**EXERCISE DIRECTIONS:** Your copy should match the records exactly, except that it contains no pictures.

**PROVIDED RECORDS:**
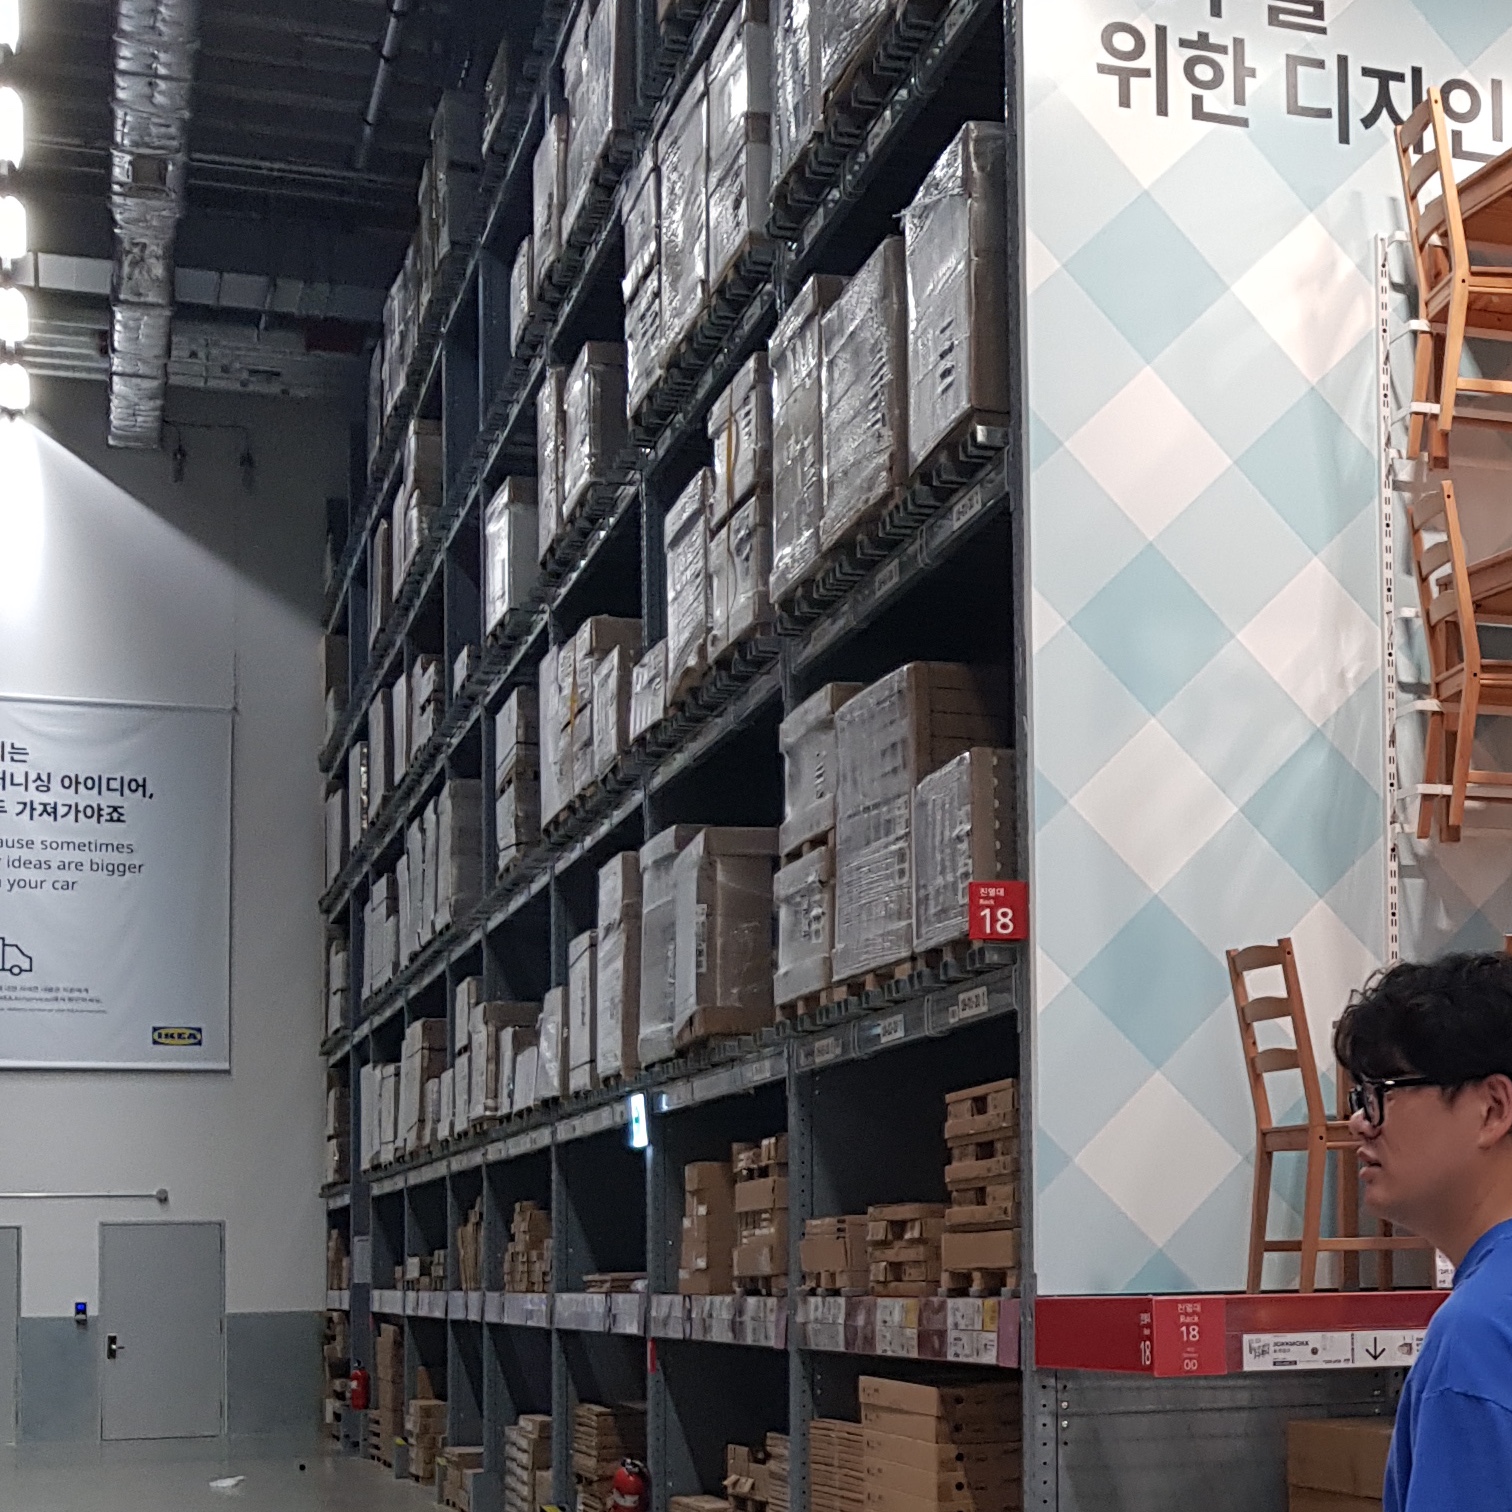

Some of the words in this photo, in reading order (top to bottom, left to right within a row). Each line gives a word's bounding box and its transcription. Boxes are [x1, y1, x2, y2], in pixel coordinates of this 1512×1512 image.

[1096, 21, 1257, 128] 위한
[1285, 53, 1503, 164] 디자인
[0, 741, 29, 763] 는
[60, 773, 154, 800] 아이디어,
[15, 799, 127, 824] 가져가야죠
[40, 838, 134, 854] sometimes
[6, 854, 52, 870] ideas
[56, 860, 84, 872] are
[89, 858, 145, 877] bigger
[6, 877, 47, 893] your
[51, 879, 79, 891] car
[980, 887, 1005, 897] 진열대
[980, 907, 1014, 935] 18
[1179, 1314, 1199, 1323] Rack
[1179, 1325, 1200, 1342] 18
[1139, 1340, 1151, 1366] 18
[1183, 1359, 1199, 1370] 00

**EXPECTED ANSWER:**
Some of the words in this photo, in reading order (top to bottom, left to right within a row). Each line gives a word's bounding box and its transcription. Boxes are [x1, y1, x2, y2], in pixel coordinates of this 1512×1512 image.

[1096, 21, 1257, 128] 위한
[1285, 53, 1503, 164] 디자인
[0, 741, 29, 763] 는
[60, 773, 154, 800] 아이디어,
[15, 799, 127, 824] 가져가야죠
[40, 838, 134, 854] sometimes
[6, 854, 52, 870] ideas
[56, 860, 84, 872] are
[89, 858, 145, 877] bigger
[6, 877, 47, 893] your
[51, 879, 79, 891] car
[980, 887, 1005, 897] 진열대
[980, 907, 1014, 935] 18
[1179, 1314, 1199, 1323] Rack
[1179, 1325, 1200, 1342] 18
[1139, 1340, 1151, 1366] 18
[1183, 1359, 1199, 1370] 00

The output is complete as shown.